Ainsi le principe demeure selon lequel un étranger qui a enfreint l'interdiction de travail sans autorisation doit en règle générale quitter la Suisse (art. 3 al. 3 RSEE, déjà cité), les cas graves ou de récidives étant passibles non seulement des sanctions pénales prévues par l'art. 23 al. 1 LSEE, mais encore d'une mesure administrative d'interdiction d'entrée en Suisse selon l'art. 13 LSEE). Le fait que les autorités, tant fédérales que cantonales, aient pris des dispositions pratiques pour tenter de régulariser certains séjours clandestins par le biais des permis dits humanitaires ne saurait vider le principe légal de toute portée.

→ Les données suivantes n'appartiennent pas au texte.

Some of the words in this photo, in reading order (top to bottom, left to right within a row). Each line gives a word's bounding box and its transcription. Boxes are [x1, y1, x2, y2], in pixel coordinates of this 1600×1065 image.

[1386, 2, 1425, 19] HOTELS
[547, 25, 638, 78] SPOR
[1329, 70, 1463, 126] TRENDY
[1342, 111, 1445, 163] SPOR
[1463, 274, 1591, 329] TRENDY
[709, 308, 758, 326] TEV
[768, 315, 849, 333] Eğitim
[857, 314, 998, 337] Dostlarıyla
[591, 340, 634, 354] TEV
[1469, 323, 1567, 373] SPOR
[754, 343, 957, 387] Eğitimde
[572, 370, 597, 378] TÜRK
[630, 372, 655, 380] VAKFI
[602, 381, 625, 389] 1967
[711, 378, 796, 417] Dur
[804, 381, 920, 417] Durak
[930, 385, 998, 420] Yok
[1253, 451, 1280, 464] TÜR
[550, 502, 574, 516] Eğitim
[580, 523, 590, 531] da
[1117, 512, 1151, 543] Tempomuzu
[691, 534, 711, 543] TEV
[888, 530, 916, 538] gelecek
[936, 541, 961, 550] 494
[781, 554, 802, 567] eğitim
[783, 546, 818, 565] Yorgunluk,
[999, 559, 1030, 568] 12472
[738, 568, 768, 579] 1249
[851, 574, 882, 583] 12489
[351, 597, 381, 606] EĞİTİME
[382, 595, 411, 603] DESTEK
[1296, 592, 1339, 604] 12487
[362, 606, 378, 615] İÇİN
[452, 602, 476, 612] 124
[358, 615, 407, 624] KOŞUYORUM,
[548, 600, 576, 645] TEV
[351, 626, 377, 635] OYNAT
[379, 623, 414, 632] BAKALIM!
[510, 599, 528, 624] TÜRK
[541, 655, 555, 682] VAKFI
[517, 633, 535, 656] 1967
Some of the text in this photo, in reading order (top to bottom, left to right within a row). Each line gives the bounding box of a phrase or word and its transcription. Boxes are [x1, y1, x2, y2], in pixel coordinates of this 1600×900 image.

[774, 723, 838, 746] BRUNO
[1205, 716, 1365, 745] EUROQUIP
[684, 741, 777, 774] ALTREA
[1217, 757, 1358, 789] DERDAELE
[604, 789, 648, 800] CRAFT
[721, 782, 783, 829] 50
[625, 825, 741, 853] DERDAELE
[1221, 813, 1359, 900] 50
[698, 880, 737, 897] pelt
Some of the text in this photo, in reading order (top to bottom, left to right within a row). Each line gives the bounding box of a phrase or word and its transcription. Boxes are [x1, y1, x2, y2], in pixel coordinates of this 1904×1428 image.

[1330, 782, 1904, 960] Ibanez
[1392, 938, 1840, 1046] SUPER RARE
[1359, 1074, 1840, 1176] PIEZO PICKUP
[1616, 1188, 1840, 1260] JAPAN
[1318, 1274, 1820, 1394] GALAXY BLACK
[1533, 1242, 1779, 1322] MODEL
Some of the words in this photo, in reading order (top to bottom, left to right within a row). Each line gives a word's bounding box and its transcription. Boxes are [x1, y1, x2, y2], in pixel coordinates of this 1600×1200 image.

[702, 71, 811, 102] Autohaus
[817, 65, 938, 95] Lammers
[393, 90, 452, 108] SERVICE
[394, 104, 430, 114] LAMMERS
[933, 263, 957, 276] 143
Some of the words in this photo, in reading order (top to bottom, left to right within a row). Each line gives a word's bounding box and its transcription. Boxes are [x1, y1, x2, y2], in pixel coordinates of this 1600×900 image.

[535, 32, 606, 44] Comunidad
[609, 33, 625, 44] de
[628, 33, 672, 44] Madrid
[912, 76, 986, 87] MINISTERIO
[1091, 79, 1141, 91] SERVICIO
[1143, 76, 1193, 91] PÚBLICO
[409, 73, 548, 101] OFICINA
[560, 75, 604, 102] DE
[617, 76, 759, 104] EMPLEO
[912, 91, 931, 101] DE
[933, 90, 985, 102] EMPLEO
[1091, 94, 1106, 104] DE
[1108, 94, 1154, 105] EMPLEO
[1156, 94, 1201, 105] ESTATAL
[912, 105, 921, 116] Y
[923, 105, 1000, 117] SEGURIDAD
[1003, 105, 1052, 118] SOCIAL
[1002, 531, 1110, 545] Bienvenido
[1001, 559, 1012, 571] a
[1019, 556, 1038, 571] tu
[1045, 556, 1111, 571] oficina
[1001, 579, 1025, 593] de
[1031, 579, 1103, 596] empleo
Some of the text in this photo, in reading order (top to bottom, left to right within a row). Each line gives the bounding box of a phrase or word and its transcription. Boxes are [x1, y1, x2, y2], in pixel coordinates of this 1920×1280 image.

Ces démarches doivent au contraire être comprises comme ne concernant que les cas particuliers susceptibles d'une exception au sens de l'art. 3 al. 3 RSEE, la circulaire du 21 décembre 2001 de l'ODR et de l'OFE se comprenant comme l'indication à l'intention des autorités cantonales des conditions auxquelles l'autorité fédérale acceptera d'entrer en matière.
b) Les recourants ne peuvent pas se prévaloir de circonstances exceptionnelles puisqu'il s'agit d'un cas classique et flagrant d'immigration clandestine pour des motifs économiques. On en voit pas d'éléments au dossier justifiant de ne pas tenir compte de l'existence d'infrations dès que lors que celles-ci sont délibérées et caractérisées. Comme ils l'ont clairement exposé, les recourants sont venus en Suisse en raison des difficultés économiques qu'ils rencontraient dans leur pays d'origine. Les prétendues menaces de mort dont ils auraient été victimes en raison de leurs convictions religieuses ne reposent sur aucun élément concret; en outre, de tels moyens relèvent de loi sur l'asile et non pas de la LSEE.
C'est à juste titre que le SPOP a refusé in casu d'admettre une exception au principe général de l'art. 3 al. 3 RSEE en raison de l'obstination des recourants à ne pas respecter les prescriptions de police des étrangers. En effet, X.________ a fait l'objet d'une mesure d'interdiction d'entrer en Suisse, notifiée le 5 mars 2002. Informé de son obligation de quitter la Suisse, l'intéressé n'a pas obtempéré, pas plus qu'il ne l'a fait à réception de la nouvelle décision de l'IMES, notifiée le 29 juillet 2002. S'il n'avait pas été interpellé fortuitement le 21 juin 2002, X.________ aurait assurément poursuivi son séjour et son activité illégaux, en compagnie de sa femme et de son fils. Ce mépris affiché de la réglementation en vigueur justifie le refus notifié par l'autorité intimée.
4. Les considérants qui précèdent conduisent au rejet du recours, aux frais des recourants, qui succombent (art. 55 al. 1 LJPA). Vu l'issue du pourvoi, un nouveau délai de départ doit être imparti aux recourants, conformément à l'art. 12 al. 3 LSEE.
Par ces motifs le Tribunal administratif arrête:
I. Le recours est rejeté.
II. La décision du SPOP du 12 novembre 2002 est confirmée.
III. Un délai au 30 avril 2004 est imparti aux recourants pour quitter le canton de Vaud.
IV. L'émolument et les frais d'instruction, par 200 (deux cents) francs, sont mis à la charge des recourants, cette somme étant compensée par l'avance de frais opérée.
ip/Lausanne, le 30 janvier 2004
Le président :
Le présent arrêt est notifié :
- aux recourants personnellement, sous lettre-signature;
- au SPOP;
- à l'Office fédéral de l'immigration, de l'intégration et de l'émigration, IMES, Section Suisse Romande, Canton de Vaud, Quellenweg 9, 3003 Berne-Wabern.